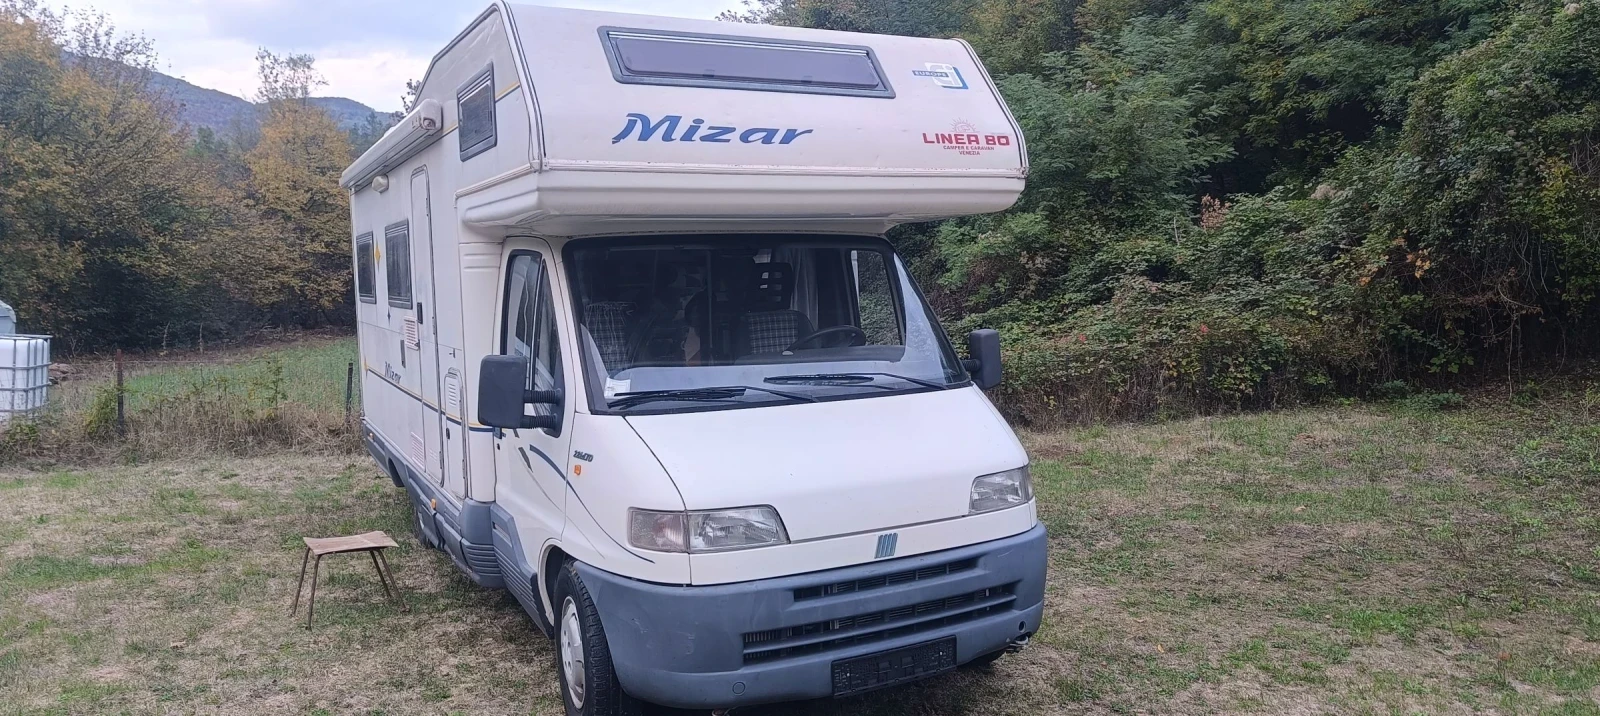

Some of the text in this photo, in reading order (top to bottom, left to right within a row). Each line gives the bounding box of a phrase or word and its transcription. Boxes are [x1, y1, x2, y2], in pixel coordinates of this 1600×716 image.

[611, 112, 814, 145] Mizar
[922, 132, 1010, 146] LINEA 80
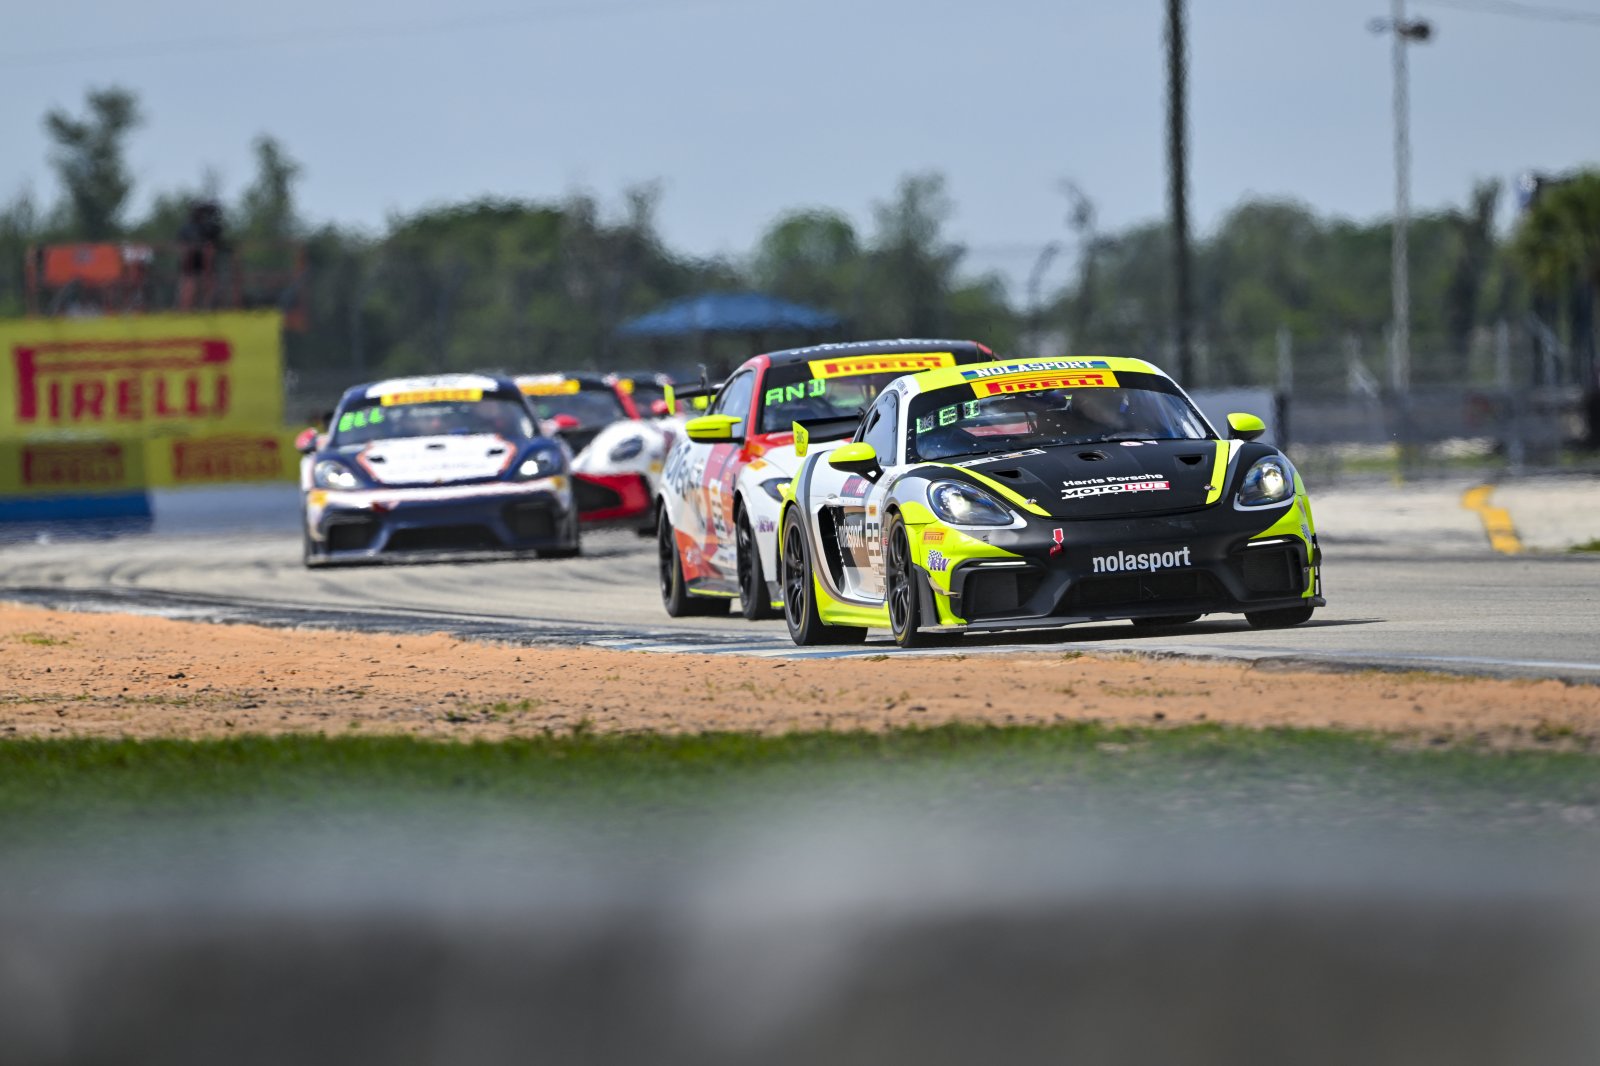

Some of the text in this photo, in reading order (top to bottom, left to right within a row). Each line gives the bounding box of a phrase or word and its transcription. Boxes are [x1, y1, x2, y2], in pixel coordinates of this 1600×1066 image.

[824, 356, 941, 374] PIRELLI
[976, 360, 1094, 378] NOLASPORT
[14, 340, 231, 422] PIRELLI
[986, 374, 1105, 394] PIRELLI
[765, 378, 826, 406] AND
[1063, 473, 1164, 487] Harris Porsche
[1092, 546, 1192, 573] nolasport

◆ ◆ ◆ ◆ ◆

WHAT YOU ARE ASKED TO DO =
Copy each line above precisely, dropping the pictures.

ANSWER BOX =
Some of the text in this photo, in reading order (top to bottom, left to right within a row). Each line gives the bounding box of a phrase or word and its transcription. Boxes are [x1, y1, x2, y2], in pixel coordinates of this 1600×716 image.

[611, 112, 814, 145] Mizar
[922, 132, 1010, 146] LINEA 80

Some of the text in this photo, in reading order (top to bottom, left to right within a row). Each line gives the bounding box of a phrase or word and its transcription. Boxes are [x1, y1, x2, y2], in pixel coordinates of this 1600×1066 image.

[824, 356, 941, 374] PIRELLI
[976, 360, 1094, 378] NOLASPORT
[14, 340, 231, 422] PIRELLI
[986, 374, 1105, 394] PIRELLI
[765, 378, 826, 406] AND
[1063, 473, 1164, 487] Harris Porsche
[1092, 546, 1192, 573] nolasport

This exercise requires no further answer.